Just about every government website has data on it already. The first version of OpenDataPhilly was basically a card catalog of links to data that the city government published. What that did was connect the dots between disparate datasets, so people could see the picture that it formed, and what the benefit was, resulting in enough momentum for an open data program to form inside the government, with resources behind it.

That step is really important for getting open data off the ground in cities. Robust APIs, data standards, and in-depth analysis tools come later.

The idea behind JKAN is to make this step really easy, and enable a champion for open data in a government agency to do this themselves, without needing tens-to-hundreds of thousands of dollars allocated first, or having to set up servers at the command line.

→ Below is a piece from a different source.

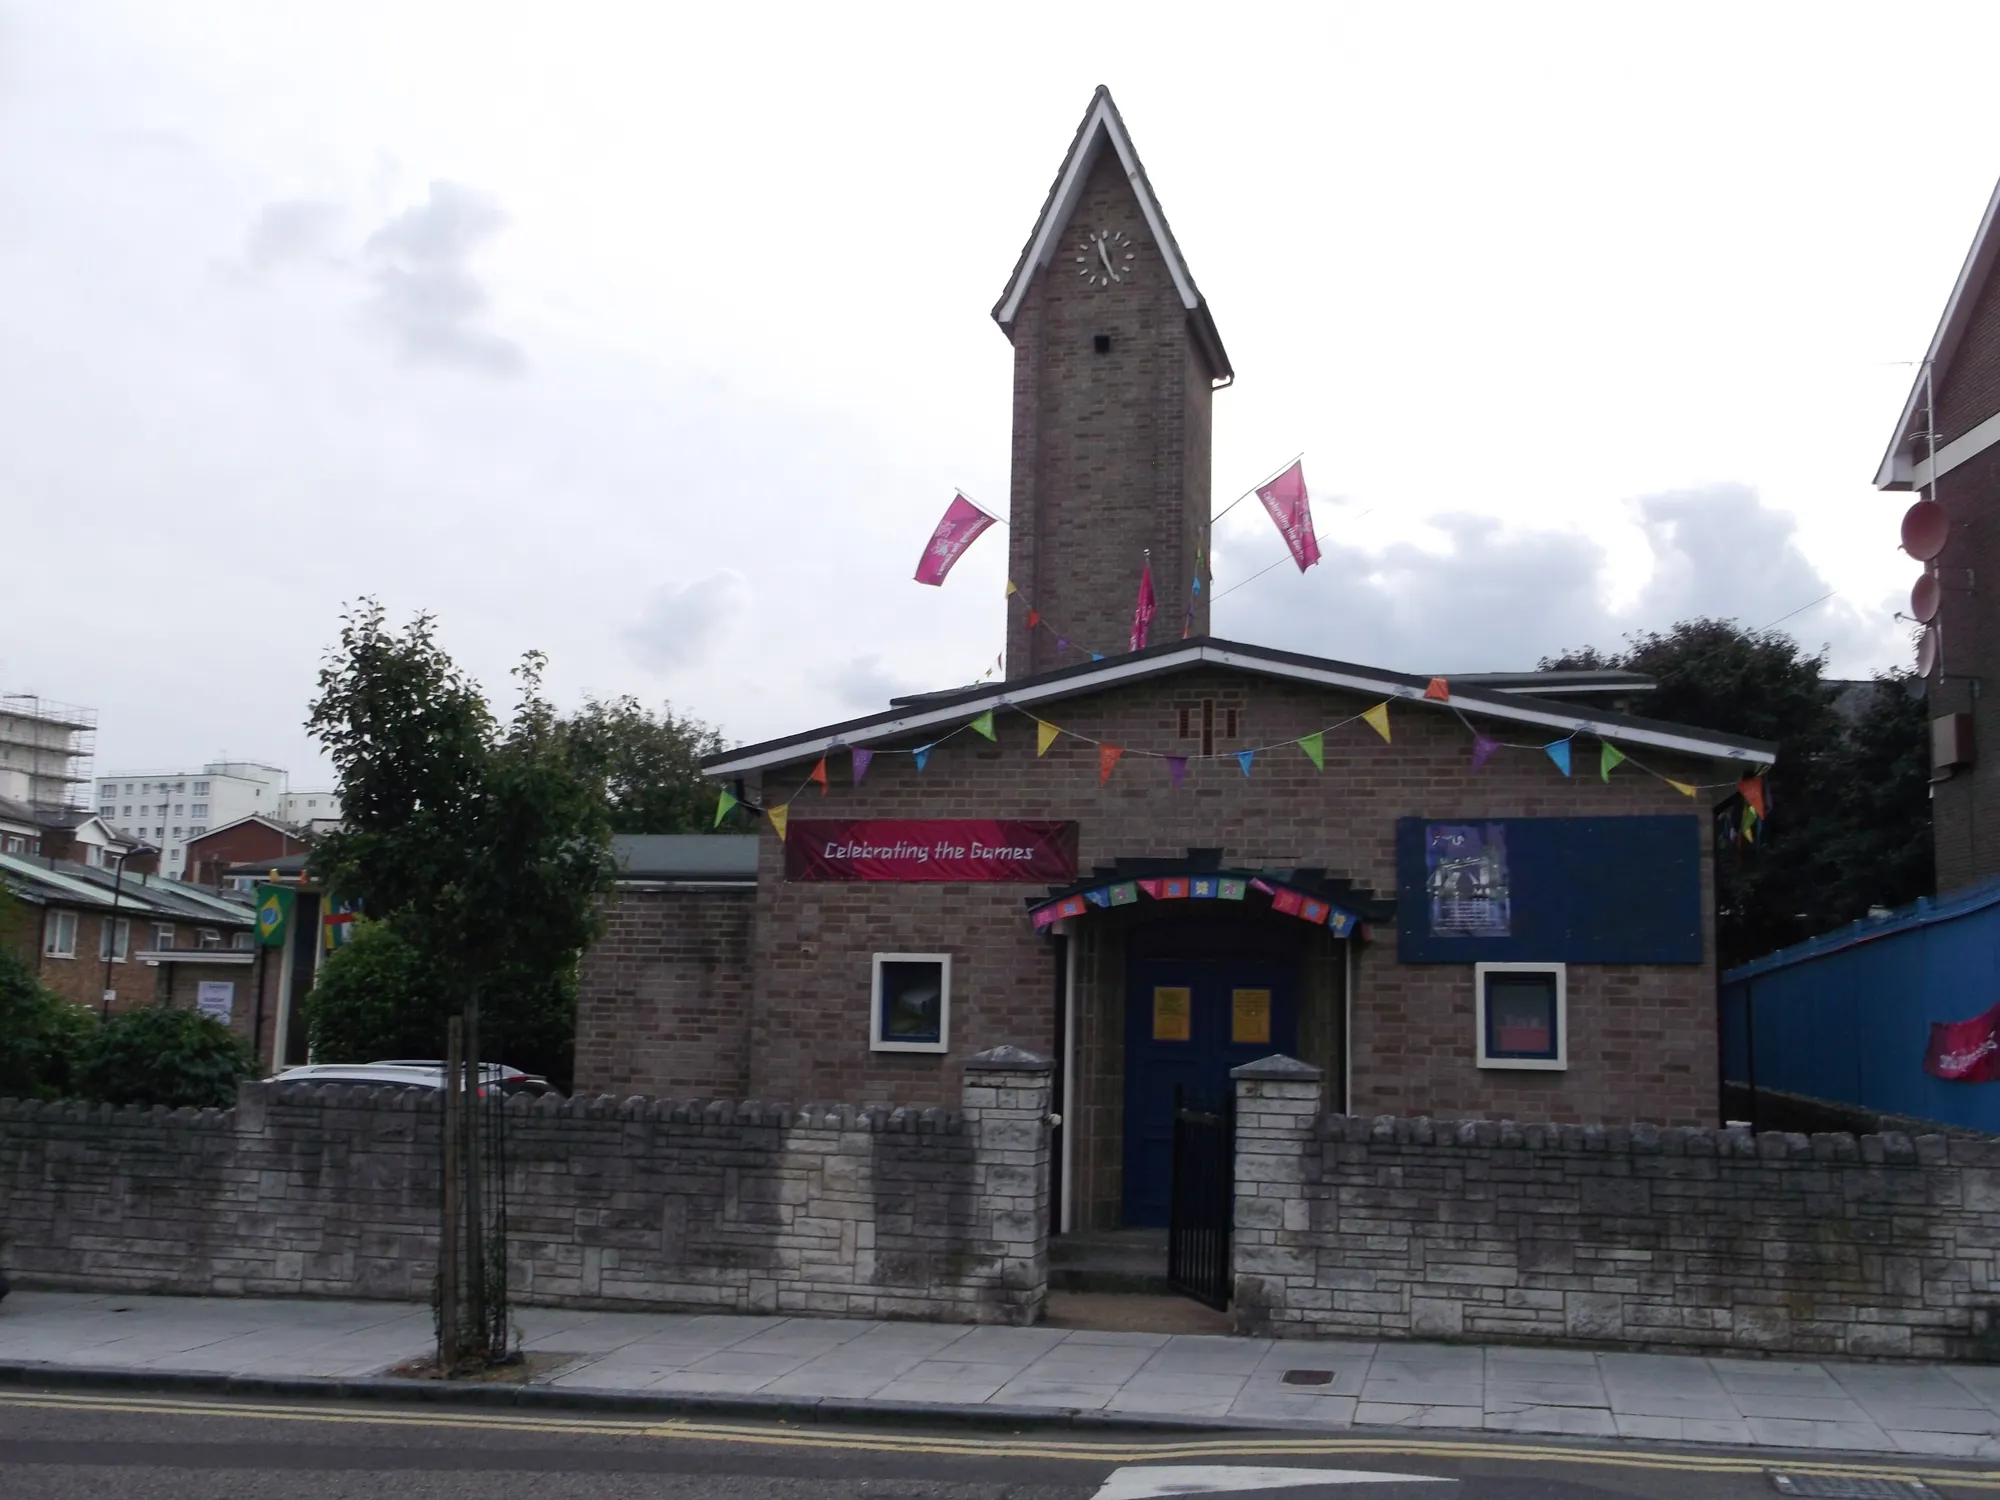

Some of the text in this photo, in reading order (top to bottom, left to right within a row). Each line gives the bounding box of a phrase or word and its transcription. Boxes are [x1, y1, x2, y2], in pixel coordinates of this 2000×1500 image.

Architecturally, JKAN is quite different from other repository software. But its modularity, simplicity, and static nature fit into a larger trend in software. Could you tell me about the decisions that went into designing and creating it?

The core functionality of a data catalog is making it easy to find datasets and the links to download them. JKAN accomplishes this without needing a database. Under the hood, there are a bunch of text files that represent each dataset, and contain its title, description, download links, etc. When you modify one of those files, JKAN regenerates the website using the text files. The website can then be served over a simple web server, because they’re just HTML files. JKAN goes a step further and provides a user-friendly interface for modifying the text files. Because of this simple architecture, you can run a JKAN site for free on GitHub.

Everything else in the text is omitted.